Sounds simple? Well, OK not simple, but I think I broke things down into a few useful traits that you can use. But there’s one more thing.

The Senior Cycle

One of the challenging issues of “being senior” is that sometimes it leads to . . . not being senior. You may rise high enough in your profession to move to another profession – where, no matter what, you’re sort of starting over again.

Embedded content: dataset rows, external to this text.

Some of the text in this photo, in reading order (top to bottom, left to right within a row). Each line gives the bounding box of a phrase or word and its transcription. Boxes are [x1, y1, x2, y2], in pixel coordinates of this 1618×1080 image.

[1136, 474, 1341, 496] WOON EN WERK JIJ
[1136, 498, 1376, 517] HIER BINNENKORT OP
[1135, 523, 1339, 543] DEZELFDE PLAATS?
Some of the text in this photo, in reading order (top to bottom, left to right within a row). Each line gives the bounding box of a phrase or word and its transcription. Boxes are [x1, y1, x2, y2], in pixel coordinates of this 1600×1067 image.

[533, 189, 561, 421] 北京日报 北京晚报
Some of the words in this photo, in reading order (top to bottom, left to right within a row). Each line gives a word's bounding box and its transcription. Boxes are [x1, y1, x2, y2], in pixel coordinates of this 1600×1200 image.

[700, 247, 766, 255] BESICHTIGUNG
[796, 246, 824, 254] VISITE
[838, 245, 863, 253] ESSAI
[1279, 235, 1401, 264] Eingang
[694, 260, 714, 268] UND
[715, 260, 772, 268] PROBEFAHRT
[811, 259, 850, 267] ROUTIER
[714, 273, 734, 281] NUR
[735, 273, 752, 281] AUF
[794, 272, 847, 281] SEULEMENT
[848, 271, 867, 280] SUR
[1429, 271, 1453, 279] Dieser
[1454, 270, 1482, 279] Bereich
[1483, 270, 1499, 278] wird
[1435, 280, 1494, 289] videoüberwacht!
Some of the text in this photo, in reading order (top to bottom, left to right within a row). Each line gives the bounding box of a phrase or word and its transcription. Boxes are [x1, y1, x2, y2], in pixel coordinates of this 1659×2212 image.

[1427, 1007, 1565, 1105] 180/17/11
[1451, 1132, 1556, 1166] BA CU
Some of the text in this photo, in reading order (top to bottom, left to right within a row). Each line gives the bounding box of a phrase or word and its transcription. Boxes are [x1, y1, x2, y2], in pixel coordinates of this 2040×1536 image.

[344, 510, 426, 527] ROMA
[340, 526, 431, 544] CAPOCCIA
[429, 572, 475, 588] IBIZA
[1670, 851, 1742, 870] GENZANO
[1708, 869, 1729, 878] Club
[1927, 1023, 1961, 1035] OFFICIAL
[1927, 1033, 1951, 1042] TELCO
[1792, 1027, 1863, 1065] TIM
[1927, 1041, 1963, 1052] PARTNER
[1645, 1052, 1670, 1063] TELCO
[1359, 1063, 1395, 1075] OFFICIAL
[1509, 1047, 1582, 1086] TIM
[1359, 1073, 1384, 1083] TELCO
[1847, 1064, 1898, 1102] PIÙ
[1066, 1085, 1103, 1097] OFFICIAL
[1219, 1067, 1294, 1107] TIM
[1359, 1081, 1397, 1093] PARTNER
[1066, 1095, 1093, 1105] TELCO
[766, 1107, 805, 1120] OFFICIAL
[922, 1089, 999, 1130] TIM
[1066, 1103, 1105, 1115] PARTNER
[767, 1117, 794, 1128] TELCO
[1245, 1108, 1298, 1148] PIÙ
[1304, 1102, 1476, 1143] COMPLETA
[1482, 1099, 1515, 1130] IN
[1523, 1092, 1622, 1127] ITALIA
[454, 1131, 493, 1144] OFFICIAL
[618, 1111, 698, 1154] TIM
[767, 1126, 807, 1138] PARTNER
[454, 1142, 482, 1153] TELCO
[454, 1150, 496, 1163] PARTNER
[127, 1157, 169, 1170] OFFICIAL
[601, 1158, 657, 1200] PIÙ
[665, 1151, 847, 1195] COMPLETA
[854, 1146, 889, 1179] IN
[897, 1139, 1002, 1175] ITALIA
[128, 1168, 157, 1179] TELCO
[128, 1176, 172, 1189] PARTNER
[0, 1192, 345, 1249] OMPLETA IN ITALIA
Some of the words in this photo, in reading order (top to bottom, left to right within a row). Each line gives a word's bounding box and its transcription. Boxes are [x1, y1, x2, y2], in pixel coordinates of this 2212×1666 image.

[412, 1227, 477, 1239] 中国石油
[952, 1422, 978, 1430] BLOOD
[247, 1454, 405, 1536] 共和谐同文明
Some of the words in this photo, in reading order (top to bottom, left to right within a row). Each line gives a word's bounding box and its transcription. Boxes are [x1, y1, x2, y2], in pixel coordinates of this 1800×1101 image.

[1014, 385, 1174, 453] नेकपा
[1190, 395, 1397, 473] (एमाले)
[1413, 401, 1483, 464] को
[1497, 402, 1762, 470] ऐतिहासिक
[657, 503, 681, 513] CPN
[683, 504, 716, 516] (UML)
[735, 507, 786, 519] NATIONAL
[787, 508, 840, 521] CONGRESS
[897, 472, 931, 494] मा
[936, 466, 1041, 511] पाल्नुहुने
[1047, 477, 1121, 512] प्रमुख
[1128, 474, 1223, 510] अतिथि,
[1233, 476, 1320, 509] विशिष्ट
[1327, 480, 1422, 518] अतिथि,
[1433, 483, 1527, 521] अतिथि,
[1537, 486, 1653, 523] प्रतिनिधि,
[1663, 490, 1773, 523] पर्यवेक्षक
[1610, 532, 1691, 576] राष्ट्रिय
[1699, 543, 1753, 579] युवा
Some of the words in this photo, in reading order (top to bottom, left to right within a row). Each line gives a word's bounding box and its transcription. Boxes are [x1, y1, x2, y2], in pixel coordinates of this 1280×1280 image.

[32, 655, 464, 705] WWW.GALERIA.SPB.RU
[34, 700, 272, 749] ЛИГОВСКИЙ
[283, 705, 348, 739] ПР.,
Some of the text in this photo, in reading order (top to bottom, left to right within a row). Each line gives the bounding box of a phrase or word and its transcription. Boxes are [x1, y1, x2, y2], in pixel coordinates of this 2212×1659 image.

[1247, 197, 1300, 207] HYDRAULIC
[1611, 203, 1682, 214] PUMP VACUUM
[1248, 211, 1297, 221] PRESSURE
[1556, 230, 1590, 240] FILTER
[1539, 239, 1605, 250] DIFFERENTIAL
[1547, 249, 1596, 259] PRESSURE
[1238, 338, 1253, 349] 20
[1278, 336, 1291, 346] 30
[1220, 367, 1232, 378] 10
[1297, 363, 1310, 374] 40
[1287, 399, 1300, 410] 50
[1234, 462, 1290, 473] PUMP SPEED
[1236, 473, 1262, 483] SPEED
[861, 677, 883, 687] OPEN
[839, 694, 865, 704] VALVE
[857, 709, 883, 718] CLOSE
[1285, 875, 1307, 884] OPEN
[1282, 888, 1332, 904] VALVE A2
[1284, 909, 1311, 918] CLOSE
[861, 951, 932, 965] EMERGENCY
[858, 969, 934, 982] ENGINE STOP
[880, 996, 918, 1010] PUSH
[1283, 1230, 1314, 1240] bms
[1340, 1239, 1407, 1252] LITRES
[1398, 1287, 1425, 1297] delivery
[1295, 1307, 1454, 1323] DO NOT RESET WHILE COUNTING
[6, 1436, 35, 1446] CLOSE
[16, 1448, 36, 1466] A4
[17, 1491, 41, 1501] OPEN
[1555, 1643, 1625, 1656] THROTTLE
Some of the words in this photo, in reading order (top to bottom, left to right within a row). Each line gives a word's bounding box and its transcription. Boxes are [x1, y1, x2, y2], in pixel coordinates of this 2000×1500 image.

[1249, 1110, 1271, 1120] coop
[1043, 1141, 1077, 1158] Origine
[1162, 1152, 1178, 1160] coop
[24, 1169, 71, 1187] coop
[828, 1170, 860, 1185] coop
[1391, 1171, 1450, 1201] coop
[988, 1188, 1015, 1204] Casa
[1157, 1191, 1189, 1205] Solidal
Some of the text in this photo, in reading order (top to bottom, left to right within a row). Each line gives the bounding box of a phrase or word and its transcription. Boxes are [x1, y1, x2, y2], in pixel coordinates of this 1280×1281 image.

It’s probably best to give an example – when I was a Senior Programmer (some eight plus years) I became a Project Manager. Though I was leveraging my skills and experiences as a Senior code jockey, I was far more junior in the area of being a Project Manager. I could not do my management job without my IT experience, with all that perspective and knowledge, but my management skills weren’t at the same level as my coding skills.

Frankly, it took about as long to get my management skills to “Senior” level as my coding skills.

So remember, your senior job may lead you into a job that’s . . . not so senior. it’s a promotion that is kind of a demotion in a way. Remember you’ll be starting over – which means get those certifications, get that five years, etc.

Oh and if you think at some point you may get tired of moving up only to start over as “non_Senior,” you’re not alone. Some people find a point to stop moving up the ladder, and you will too.

Moving Onward

With the above ten points in mind, I hope you’ll have some guidance towards “being Senior” at your job – or even just admitting your Senior and getting that promotion/transfer/new position you wanted.  At a lot more pay and respect.

In the end part of Senior is trying to figure out what the hell it means and going after it.  Good luck.

. . . and if you find any better definitions, please let me know.